AIM OF THE EXERCISE: When you respond, restate each record exactly as it is given.

[Text-to-region grounding data]
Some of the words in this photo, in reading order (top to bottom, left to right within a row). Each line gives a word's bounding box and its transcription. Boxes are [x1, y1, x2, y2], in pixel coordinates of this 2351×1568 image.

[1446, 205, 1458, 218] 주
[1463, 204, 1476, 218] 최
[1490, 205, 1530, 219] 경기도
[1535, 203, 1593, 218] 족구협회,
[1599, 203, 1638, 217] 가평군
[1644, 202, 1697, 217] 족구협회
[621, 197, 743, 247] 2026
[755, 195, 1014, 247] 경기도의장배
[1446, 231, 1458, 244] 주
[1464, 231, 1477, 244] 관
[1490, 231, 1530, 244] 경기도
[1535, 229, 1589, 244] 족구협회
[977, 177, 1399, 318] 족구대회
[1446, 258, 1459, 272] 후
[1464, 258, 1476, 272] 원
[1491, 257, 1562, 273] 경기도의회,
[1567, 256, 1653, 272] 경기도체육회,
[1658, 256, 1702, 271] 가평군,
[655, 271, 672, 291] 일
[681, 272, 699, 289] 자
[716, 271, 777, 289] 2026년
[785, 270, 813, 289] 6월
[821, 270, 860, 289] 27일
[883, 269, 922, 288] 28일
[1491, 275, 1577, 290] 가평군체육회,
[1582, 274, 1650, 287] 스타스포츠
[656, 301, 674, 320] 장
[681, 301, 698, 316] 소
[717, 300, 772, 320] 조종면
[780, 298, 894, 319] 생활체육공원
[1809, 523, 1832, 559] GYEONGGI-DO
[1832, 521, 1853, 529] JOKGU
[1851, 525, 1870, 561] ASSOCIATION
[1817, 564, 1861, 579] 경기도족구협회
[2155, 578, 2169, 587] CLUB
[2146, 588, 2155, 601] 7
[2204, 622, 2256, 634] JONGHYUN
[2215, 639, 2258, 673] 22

TASK OUTPUT:
Some of the words in this photo, in reading order (top to bottom, left to right within a row). Each line gives a word's bounding box and its transcription. Boxes are [x1, y1, x2, y2], in pixel coordinates of this 2351×1568 image.

[1446, 205, 1458, 218] 주
[1463, 204, 1476, 218] 최
[1490, 205, 1530, 219] 경기도
[1535, 203, 1593, 218] 족구협회,
[1599, 203, 1638, 217] 가평군
[1644, 202, 1697, 217] 족구협회
[621, 197, 743, 247] 2026
[755, 195, 1014, 247] 경기도의장배
[1446, 231, 1458, 244] 주
[1464, 231, 1477, 244] 관
[1490, 231, 1530, 244] 경기도
[1535, 229, 1589, 244] 족구협회
[977, 177, 1399, 318] 족구대회
[1446, 258, 1459, 272] 후
[1464, 258, 1476, 272] 원
[1491, 257, 1562, 273] 경기도의회,
[1567, 256, 1653, 272] 경기도체육회,
[1658, 256, 1702, 271] 가평군,
[655, 271, 672, 291] 일
[681, 272, 699, 289] 자
[716, 271, 777, 289] 2026년
[785, 270, 813, 289] 6월
[821, 270, 860, 289] 27일
[883, 269, 922, 288] 28일
[1491, 275, 1577, 290] 가평군체육회,
[1582, 274, 1650, 287] 스타스포츠
[656, 301, 674, 320] 장
[681, 301, 698, 316] 소
[717, 300, 772, 320] 조종면
[780, 298, 894, 319] 생활체육공원
[1809, 523, 1832, 559] GYEONGGI-DO
[1832, 521, 1853, 529] JOKGU
[1851, 525, 1870, 561] ASSOCIATION
[1817, 564, 1861, 579] 경기도족구협회
[2155, 578, 2169, 587] CLUB
[2146, 588, 2155, 601] 7
[2204, 622, 2256, 634] JONGHYUN
[2215, 639, 2258, 673] 22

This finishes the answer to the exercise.